No, it was yourself that introduced the toilets, later using the disabled to try to prove your points. And yourself who said you'd be willing to stand outside them and "police" who could use them.
That simply isn't true. You can't practically police who you give a bed to in a shared room at a women's refuge? You can't police who your counsellor is when you ask for a female one after being raped? You can't police which sex the police officer who is going to perform an intimate search on a woman is? You can't police who attends a lesbian group in order to exclude men? It's so difficult to work out whether someone is a man or not that we have to take it on trust? This is nonsense.
There's set procedures in place for treatment in police custody. But you're generally going to be seen by a female nurse**, regardless of how you present yourself.
There's only yourself that keeps repeating that piece. As you try and present your view, as though it the only one that anyone should care about.
It's not about toilets. This is the stuff it's about.

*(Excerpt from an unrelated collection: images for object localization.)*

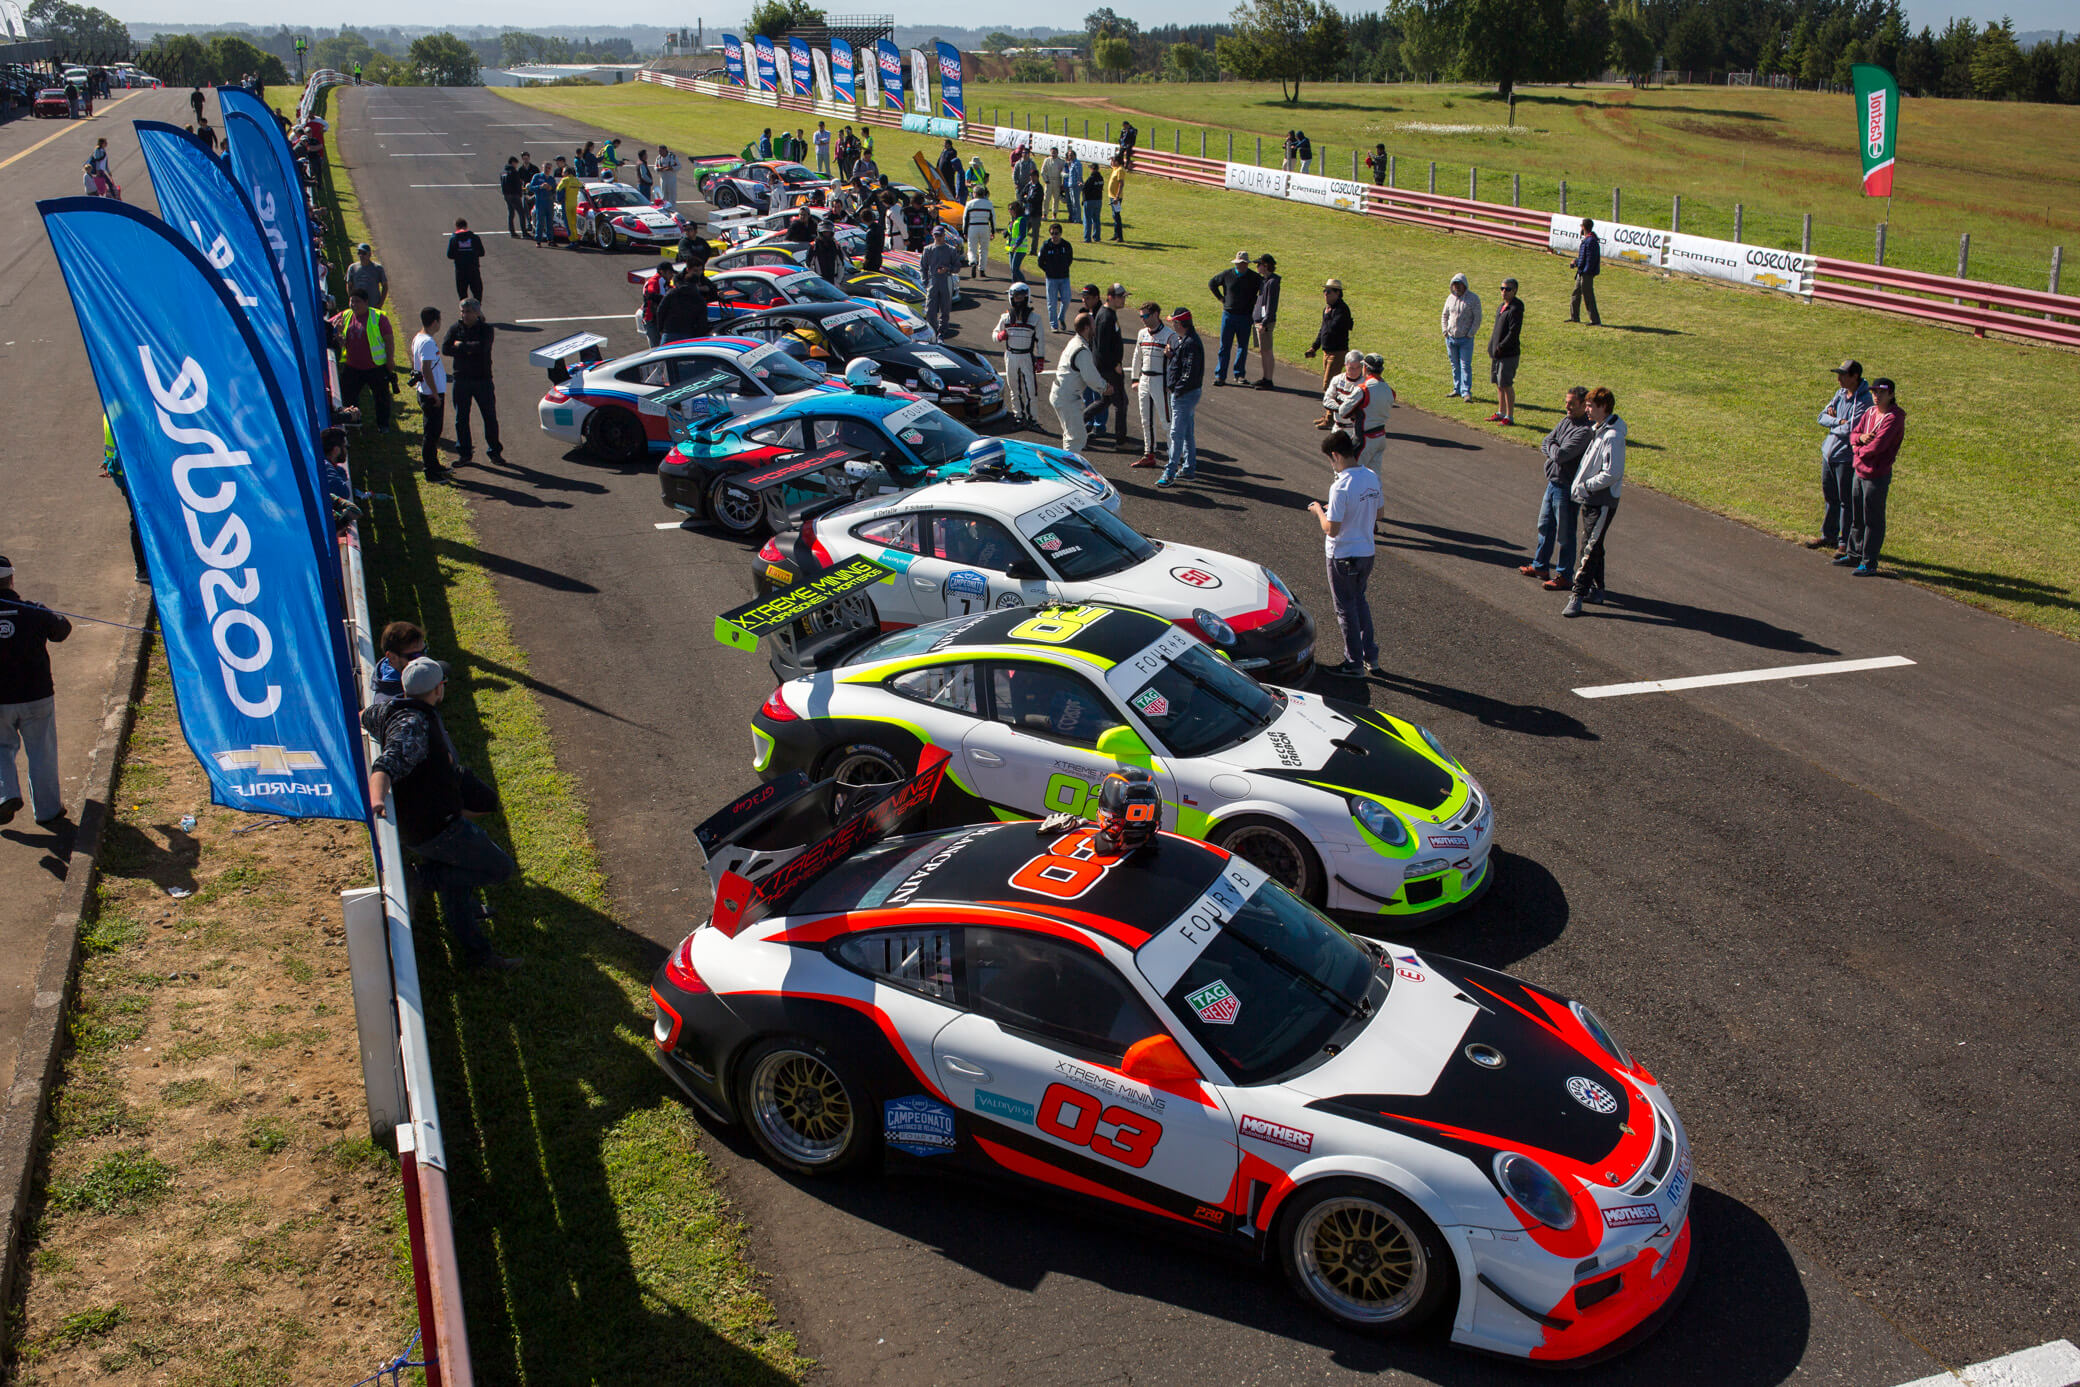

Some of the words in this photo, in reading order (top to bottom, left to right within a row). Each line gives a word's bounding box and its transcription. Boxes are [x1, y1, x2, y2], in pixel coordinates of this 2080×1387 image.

[1230, 168, 1264, 188] FOUR
[1291, 185, 1327, 196] CAMARO
[1552, 228, 1607, 244] CAMO
[1672, 249, 1737, 267] CAMARO
[649, 373, 730, 405] PORSCHE
[747, 449, 849, 484] PORSCHE
[1037, 502, 1069, 522] FOUR
[730, 586, 818, 629] XTREME
[810, 561, 873, 592] MINING
[765, 594, 828, 625] HORMIGONES
[823, 587, 835, 597] Y
[833, 568, 883, 593] MORTEROS
[1135, 642, 1176, 674] FOUR
[1137, 691, 1158, 706] TAG
[1267, 732, 1293, 766] BECKER
[1276, 732, 1302, 767] CARBON
[1125, 804, 1155, 821] 01
[746, 818, 861, 905] XTREME
[863, 771, 934, 831] MINING
[1180, 891, 1233, 945] FOUR
[1231, 872, 1250, 888] B
[1193, 985, 1227, 1007] TAG
[1201, 997, 1237, 1020] HEUER
[1055, 1060, 1117, 1091] XTREME
[1118, 1085, 1167, 1110] MINING
[887, 1110, 952, 1133] CAMPEONATO
[1036, 1081, 1163, 1169] 03
[1242, 1116, 1312, 1147] MOTHERS
[1193, 1206, 1225, 1219] PRO
[1603, 1205, 1658, 1222] MOTHERS

I doubt you think it's too impractical to discern someone's entitlement to be there when it comes to things like whether your GP is qualified or your kids teachers aren't sex offenders. Do you manage that on an honesty basis?
If it isn't, why do you keep on returning to the subject of their use?
It's never been about the practicalities, but the legalities of demanding proof to the level of satisfaction that you seek that's a bigger issue.
You don't like one particular group of people, so you want them nowhere near you. Hiding it, always, behind another matter that affects everyone.
I've been seen, and examined by female doctors. On what some might consider to be a male only examination. Never once was the thought given to demanding that the doctors doing the examinations, and explanations, be male. I did ask once if she was okay in doing the examination, but put treatment received ahead of anything else.
Taken, as you've put it on a "honesty basis" that they were qualified.
The same as the nurses, be they male or female. Their job is hard enough, without someone demanding special treatment.
My last named GP was male, but that 13 years ago now. It was easier talk to him, and not many liked him. Ex forces and probably heard every excuse already. I believe that the named doctor I'm listed with at present is female, as was the one she replaced. I've never asked either to prove they're qualified, or that they were actually born female. Wonder what the result of me asking them that, and for proof, would be?
I've been treated on a mixed surgical ward, where the ones asking what I'd had done, were the women on the ward. Looking at what was in the sealed specimen bottle on the small cupboard at the side of the bed.
And, if I felt I couldn't trust the doctor/specialist in charge of treating me, I have simply got them denied access to my medical records. For any reason.
Currently stands at six. Five male, one female*. But then I've only been seen by two female neurologists over the years, so five to one isn't as skewed as it firsts appears. None of these six are currently on the UK medical register.
*I'd to check before posting that figure.
**Female nurse used because women nurse/nurse who will be a woman degrades the work they do. And sounds stupid.